Convolution — SciPy Filters for QGIS

Convolve

class scipy_filters.algs.scipy_convolve_algorithm.SciPyConvolveAlgorithm[source]

Convolve raster with given kernel. Calculated with convolve from scipy.ndimage.

Note

No data cells within the filter radius are filled with 0.

Dimension Calculate for each band separately (2D) or use all bands as a 3D datacube and perform filter in 3D.

Note

bands will be the first axis of the datacube.

Kernel String representation of array. Must have 2 dimensions if dimension is set to 2D. Should have 3 dimensions if dimension is set to 3D, but a 2D array is also excepted (a new axis is added as first axis and the result is the same as calculating each band seperately).

Normalization Normalize the kernel by dividing through given value; set to 0 to devide through the sum of the absolute values of the kernel.

Origin Shift the origin (hotspot) of the kernel.

Border mode determines how input is extended around the edges: Reflect (input is extended by reflecting at the edge), Constant (fill around the edges with a constant value), Nearest (extend by replicating the nearest pixel), Mirror (extend by reflecting about the center of last pixel), Wrap (extend by wrapping around to the opposite edge).

Dtype Data type of output. Beware of clipping and potential overflow errors if min/max of output does not fit. Default is Float32.

Correlate

class scipy_filters.algs.scipy_convolve_algorithm.SciPyCorrelateAlgorithm[source]

Correlate raster with given kernel. Calculated with correlate from scipy.ndimage.

Note

No data cells within the filter radius are filled with 0.

Dimension Calculate for each band separately (2D) or use all bands as a 3D datacube and perform filter in 3D.

Note

bands will be the first axis of the datacube.

Kernel String representation of array. Must have 2 dimensions if dimension is set to 2D. Should have 3 dimensions if dimension is set to 3D, but a 2D array is also excepted (a new axis is added as first axis and the result is the same as calculating each band seperately).

Normalization Normalize the kernel by dividing through given value; set to 0 to devide through the sum of the absolute values of the kernel.

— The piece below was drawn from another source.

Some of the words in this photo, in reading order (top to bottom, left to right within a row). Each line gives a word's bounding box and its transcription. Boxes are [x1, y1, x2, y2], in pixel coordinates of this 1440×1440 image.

Origin Shift the origin (hotspot) of the kernel.

Border mode determines how input is extended around the edges: Reflect (input is extended by reflecting at the edge), Constant (fill around the edges with a constant value), Nearest (extend by replicating the nearest pixel), Mirror (extend by reflecting about the center of last pixel), Wrap (extend by wrapping around to the opposite edge).

Dtype Data type of output. Beware of clipping and potential overflow errors if min/max of output does not fit. Default is Float32.

FFT Convolve

class scipy_filters.algs.scipy_fourier_algorithm.SciPyFFTConvolveAlgorithm[source]

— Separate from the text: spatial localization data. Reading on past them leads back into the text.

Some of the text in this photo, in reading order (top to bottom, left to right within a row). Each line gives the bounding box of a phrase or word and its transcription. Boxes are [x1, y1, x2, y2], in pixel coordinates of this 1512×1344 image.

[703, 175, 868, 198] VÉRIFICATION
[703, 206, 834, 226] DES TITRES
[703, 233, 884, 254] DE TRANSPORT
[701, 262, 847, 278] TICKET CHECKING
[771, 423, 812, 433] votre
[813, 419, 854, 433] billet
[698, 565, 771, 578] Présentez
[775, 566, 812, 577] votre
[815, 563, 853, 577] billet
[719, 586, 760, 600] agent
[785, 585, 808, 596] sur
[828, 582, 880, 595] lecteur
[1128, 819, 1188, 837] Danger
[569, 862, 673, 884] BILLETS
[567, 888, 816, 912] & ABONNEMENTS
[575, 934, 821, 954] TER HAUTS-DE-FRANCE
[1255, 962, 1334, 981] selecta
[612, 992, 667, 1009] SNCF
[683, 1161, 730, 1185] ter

Convolve raster band(s) with custom kernel using FFT.

This is faster for large kernels. Both, raster band(s) and kernel are transformed into the frequency domain with fast fourier transform (FFT), the results are multiplied and the product is converted back using FFT.

Calculated using fftconvolve from scipy.signal.

Note

No data cells within the filter radius are filled with 0.

Kernel String representation of array. Must have 2 dimensions if dimension is set to 2D. Should have 3 dimensions if dimension is set to 3D, but a 2D array is also excepted (a new axis is added as first axis and the result is the same as calculating each band seperately). Normalization Normalize the kernel by dividing through given value; set to 0 to devide through the sum of the absolute values of the kernel.

Dtype Data type of output. Beware of clipping and potential overflow errors if min/max of output does not fit. Default is Float32.

FFT Correlate

class scipy_filters.algs.scipy_fourier_algorithm.SciPyFFTCorrelateAlgorithm[source]

Correlate raster band(s) with custom kernel using FFT

This is faster for large kernels. Both, raster band(s) and kernel are transformed into the frequency domain with fast fourier transform (FFT), the results are multiplied and the product is converted back using FFT.

Calculated using correlate from scipy.signal. using method “fft”.

Note

No data cells within the filter radius are filled with 0.

Kernel String representation of array. Must have 2 dimensions if dimension is set to 2D. Should have 3 dimensions if dimension is set to 3D, but a 2D array is also excepted (a new axis is added as first axis and the result is the same as calculating each band seperately).

Normalization Normalize the kernel by dividing through given value; set to 0 to devide through the sum of the absolute values of the kernel.

Dtype Data type of output. Beware of clipping and potential overflow errors if min/max of output does not fit. Default is Float32.